As for the actual romance…I found it mediocre. Both in the book and the show, I felt like there was something missing. There was great potential (which is how I felt about the whole book), but it never reached that level for me. I know some people adore Jamie and Claire’s love story. I have heard words like “soulmates” and “fate” tossed around. But it was lacking something and was not great. For one, Claire is so wishy-washy with her feelings toward the husband she left behind in 1945, that her “love” for Jamie just reads like lust for the most part. All of the romance and heartfelt emotion comes from Jamie (when he is not hitting her) and Claire once again has no voice. Where it should have been intense and raw and universe-altering, it was just flat. Also, the whole “Jamie is a virgin that learned about sex from watching horses, yet is somehow fantastic in bed” was totally unrealistic. And kind of creepy. I did not like the older woman, sex teacher vibe Claire was giving off there. Basically, Claire just wanted to bone Jamie until she suddenly realized she was madly in love with him and Jamie suffered from insta-love. Not to mention the convenient forced marriage that had to be consummated. For safety. I will say, though, that I loved how Jamie affectionately referred to Claire as Sassenach. Nicknames are always cute 😍! Oh and all the sex scenes? Not even good! There was a definite “fade to black” habit, which was fine, it didn’t have to be graphic or anything, but the author chose to only make the violent sex graphic, which was odd.

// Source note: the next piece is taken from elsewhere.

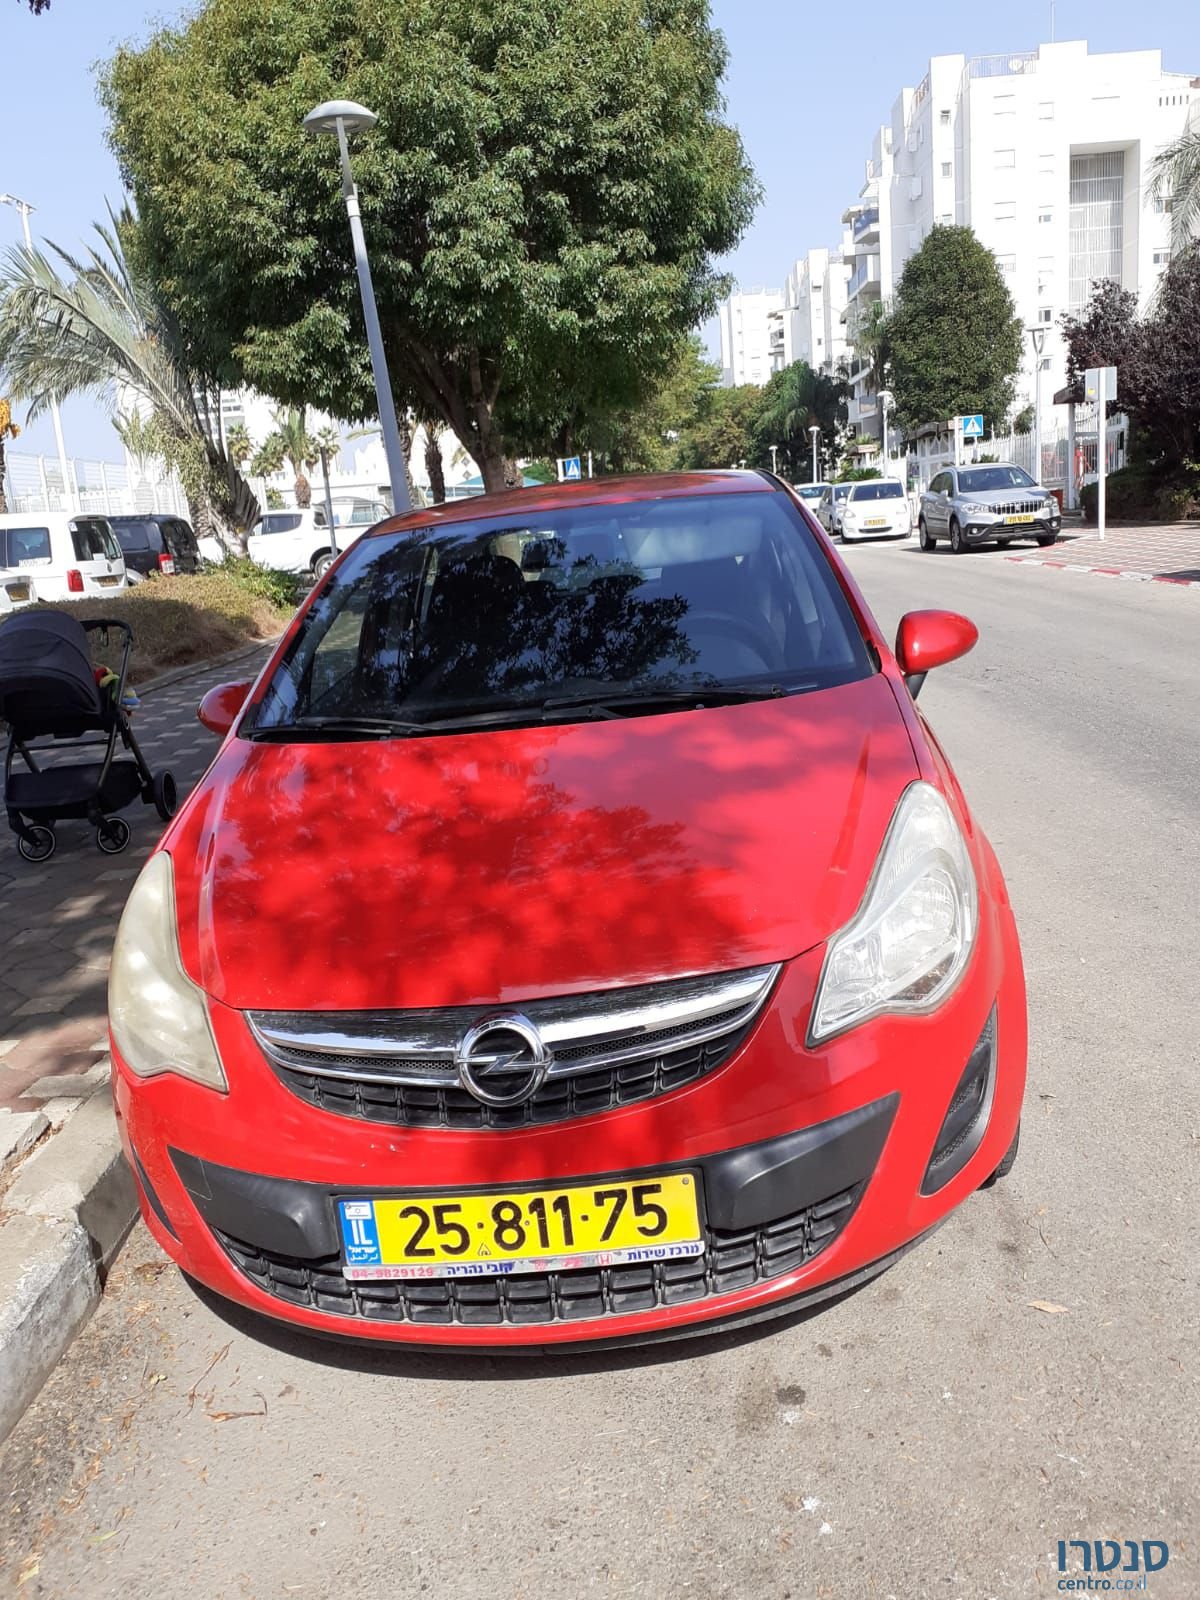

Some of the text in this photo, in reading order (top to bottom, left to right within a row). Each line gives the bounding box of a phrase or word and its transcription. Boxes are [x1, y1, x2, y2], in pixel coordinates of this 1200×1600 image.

[351, 1219, 373, 1245] IL
[627, 1244, 699, 1261] מרכז שירות
[447, 1261, 515, 1276] קובי נהריה

So, I know I have already written a lot (and complained a lot), but there is one more thing I have to touch on: the ending of the book where Jamie got tortured and raped by Black Jack Randall for no apparent reason. Randall, who is Claire’s husband’s ancestor that happens to look exactly like Frank, is a caricature of a villain. He has no backstory or depth to justify his sadistic, rapist, violently homoerotic tendencies. All we know is he looks like Frank, he is pure evilllll, and he has a strange sexual obsession with Jamie. And in the end, when Jamie is once again saving Claire’s dumb ass, he barters his own body for her. The resulting torture and rape was graphic, unnecessary, and didn’t really add anything to the story. We already knew that Randall was a bad guy. We knew he was twisted and we knew Jamie would do anything to save Claire. We knew Claire was rash and stupid. So the rape did nothing to further the story and was just there to add more drama. The trauma that Jamie suffered did not get handled well and I do not think that Gabaldon had the skill as a writer to pull it off in a meaningful way. It simply seemed gratuitous and did not give the situation the gravity it deserved. It gave Claire the chance to “save” Jamie by reenacting the rape, but I just found that weird and disrespectful to people actually going through PTSD like Jamie supposedly was.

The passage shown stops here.